A major advantage of using STRIDE is that sets of species can be analysed without the inclusion on an outgroup. This is potentially advantageous in situations where inclusion of an outgroup can effect the topology of gene trees inferred for the ingroup species (Berger, S.A., Krompass, D., et al. 2011). Moreover, if the outgroup is distantly related to the ingroup species then additional problems of long branch attraction can lead to incorrect root placement (Philippe, H., Brinkmann, H., et al. 2011, Kuck, P., Mayer, C., et al. 2012, Salichos, L. and Rokas, A. 2013). STRIDE is also suitable for large dataset analysis and for situations where appropriate outgroups are not available. Although STRIDE as presented is a method for identifying the root of an unrooted species tree, the output from STRIDE can provide a wealth of useful information. For example, STRIDE maps high confidence gene duplication events to branches in a species tree. These gene duplication events provide strong evidence for monophyly of the species that share the gene duplication event.

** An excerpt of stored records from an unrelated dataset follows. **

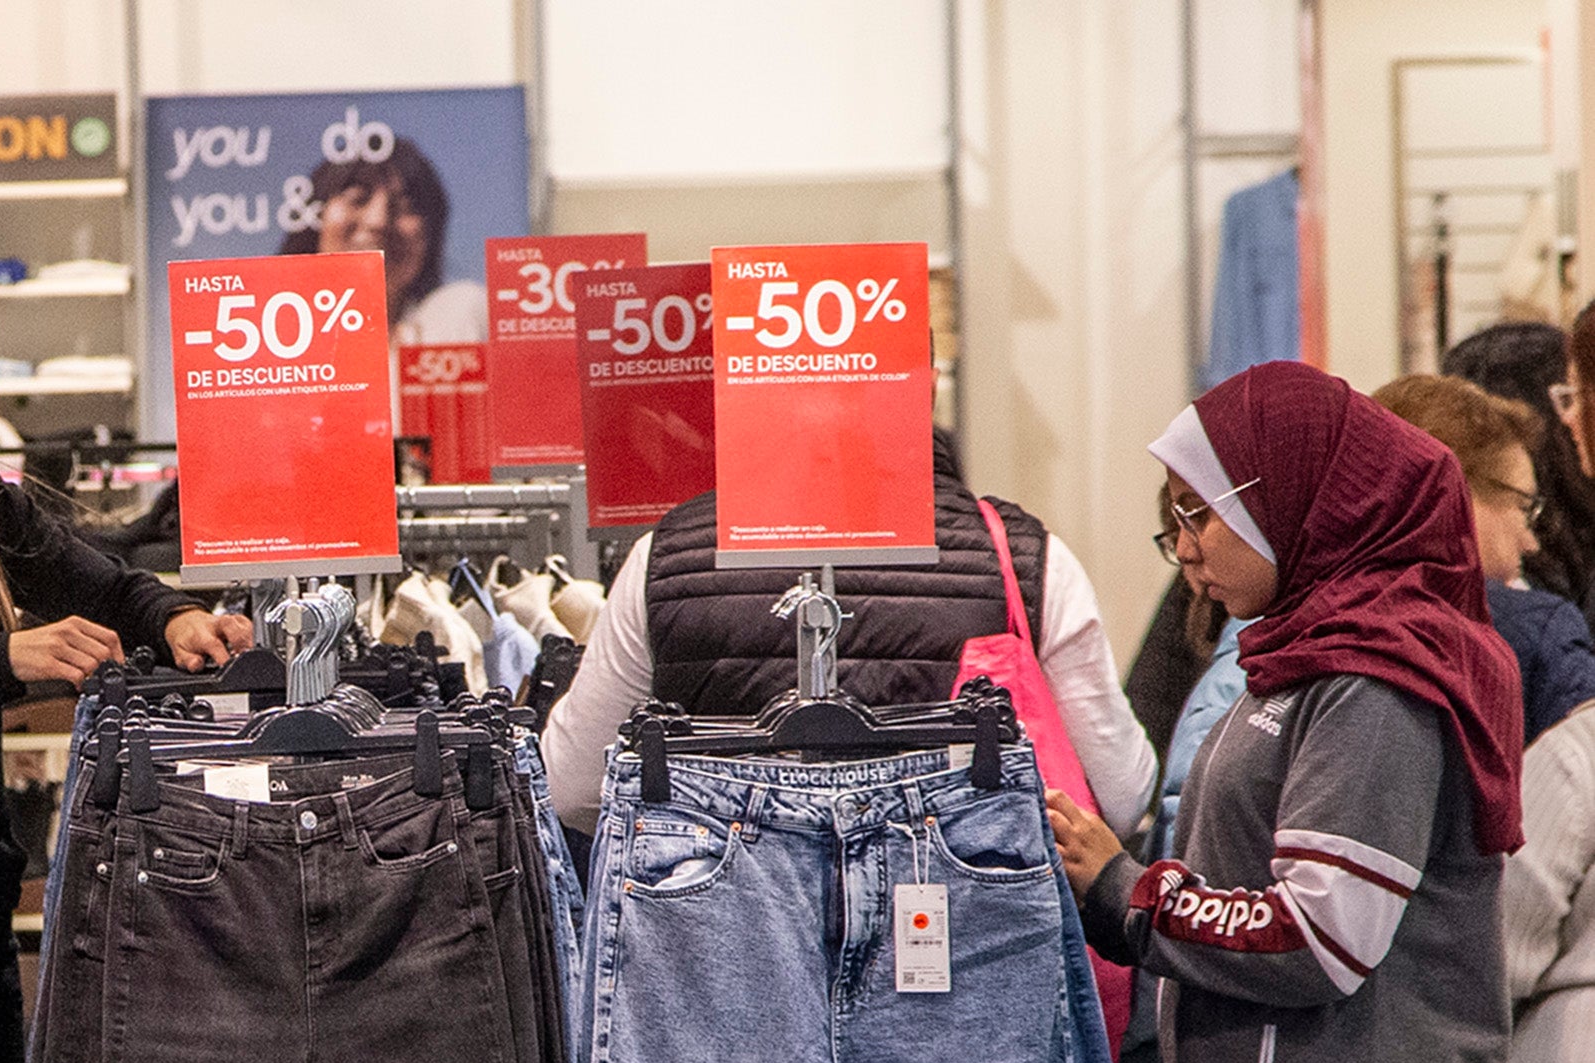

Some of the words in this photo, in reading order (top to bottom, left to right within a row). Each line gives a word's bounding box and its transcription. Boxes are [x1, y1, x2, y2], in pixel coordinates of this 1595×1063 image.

[164, 124, 272, 181] you
[321, 104, 396, 165] do
[170, 191, 269, 248] you
[276, 174, 325, 233] &
[496, 248, 543, 261] HASTA
[727, 262, 788, 278] HASTA
[184, 275, 245, 293] HASTA
[586, 282, 637, 297] HASTA
[726, 278, 907, 348] -50%
[184, 288, 364, 362] -50%
[589, 362, 612, 377] DE
[614, 356, 714, 376] DESCUENTO
[727, 356, 754, 373] DE
[757, 353, 877, 372] DESCUENTO
[187, 370, 213, 388] DE
[217, 363, 336, 386] DESCUENTO
[1248, 712, 1282, 736] adidas
[779, 767, 887, 785] CLOCKHOUSE

Thus STRIDE can be used to provide additional support to branches in a species tree that might be weakly supported by molecular sequence data. In this context, it is worth noting that STRIDE could also be used to evaluate support for alternative species-tree topologies by providing support for clades from gene duplication events.
The application of STRIDE to the eukaryotes was able to exclude the root of the eukaryotes from the opisthokonts and from a number of other groups, however STRIDE was unable to uniquely place the root as there were insufficient gene duplication events identified that could exclude the root from other portions of the tree. It is likely that poor taxon sampling for some of the groups (e.g. the amoebozoa and excavata), coupled with genome reduction associated with adaptation to parasitism in many of these species, impeded the discovery of these gene duplication events. With improved taxon sampling STRIDE may ultimately be able to provide further insight as to the location of the root of the eukaryotic tree. Furthermore, as STRIDE produces branch-level probabilities these could be combined with probabilities obtained from other analyses to perform a multi-data-type analysis of the origin of the eukaryotes.
In summary, STRIDE is a fast and effective method for genome scale phylogenetic analysis that can be used both to identify high confidence gene duplication events and identify the root of species trees without the requirement for an outgroup.